=== Section Start ===

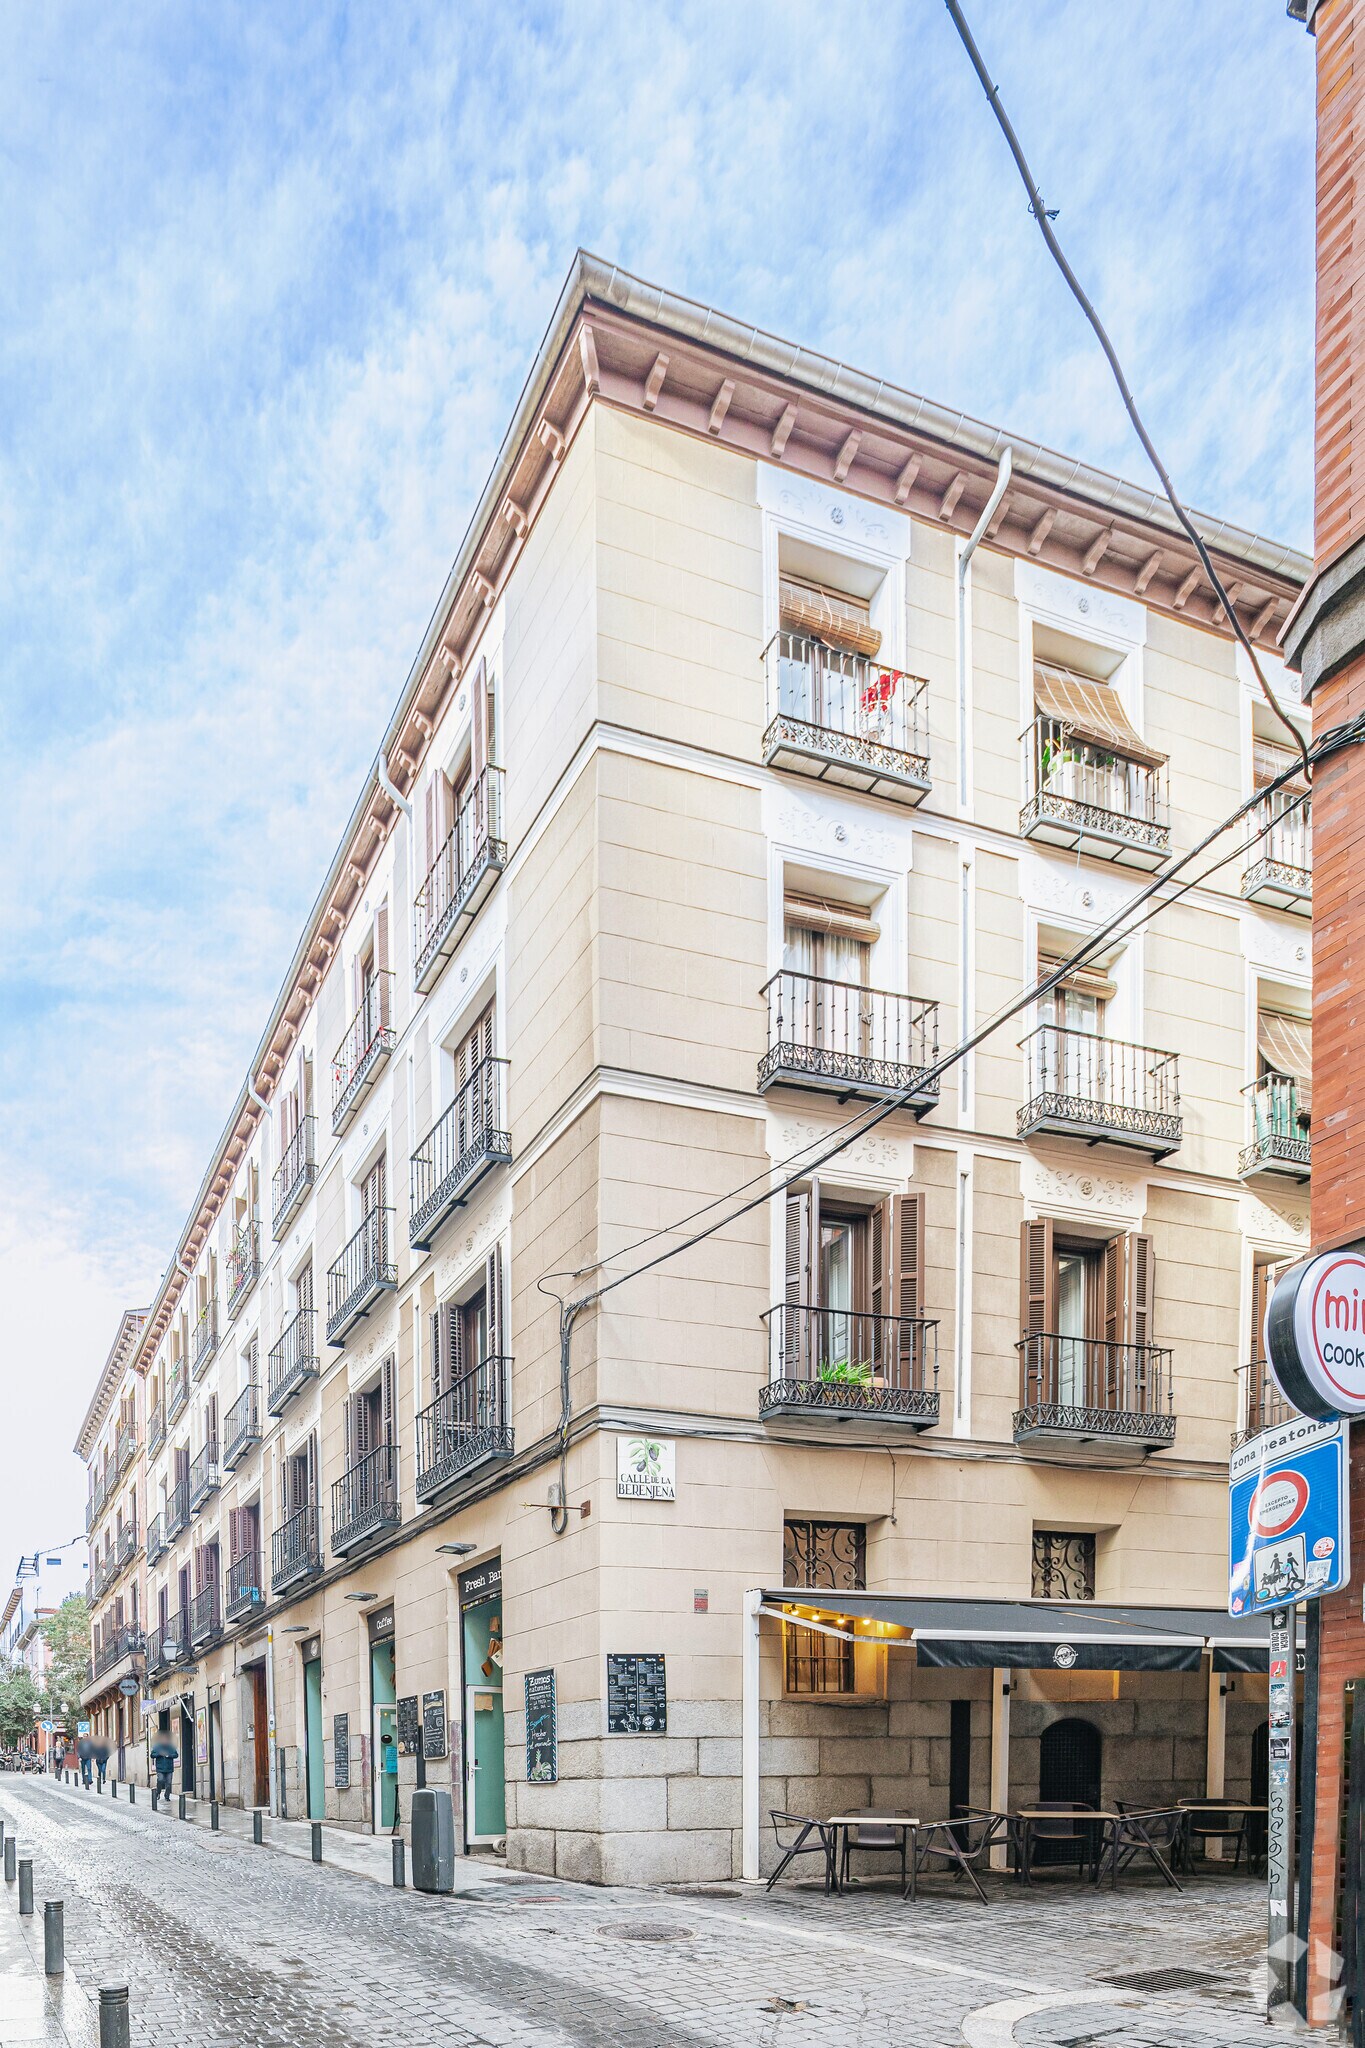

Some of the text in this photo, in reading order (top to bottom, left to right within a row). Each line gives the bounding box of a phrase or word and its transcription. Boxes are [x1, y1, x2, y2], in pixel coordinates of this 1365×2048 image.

[1325, 1288, 1365, 1335] mi
[1233, 1450, 1257, 1470] zona
[620, 1473, 650, 1484] CALLE
[661, 1476, 671, 1485] LA
[618, 1483, 675, 1499] BERENJENA
[1264, 1495, 1289, 1508] EXCEPTO
[464, 1575, 486, 1593] Fresh
[376, 1616, 393, 1630] Coffee
[528, 1674, 551, 1687] Zumos

=== Section End ===

→ Action item
Please repeat the records above word for word, and do not include the pictures.

→ Result of this task
Some of the text in this photo, in reading order (top to bottom, left to right within a row). Each line gives the bounding box of a phrase or word and its transcription. Boxes are [x1, y1, x2, y2], in pixel coordinates of this 1365×2048 image.

[1325, 1288, 1365, 1335] mi
[1233, 1450, 1257, 1470] zona
[620, 1473, 650, 1484] CALLE
[661, 1476, 671, 1485] LA
[618, 1483, 675, 1499] BERENJENA
[1264, 1495, 1289, 1508] EXCEPTO
[464, 1575, 486, 1593] Fresh
[376, 1616, 393, 1630] Coffee
[528, 1674, 551, 1687] Zumos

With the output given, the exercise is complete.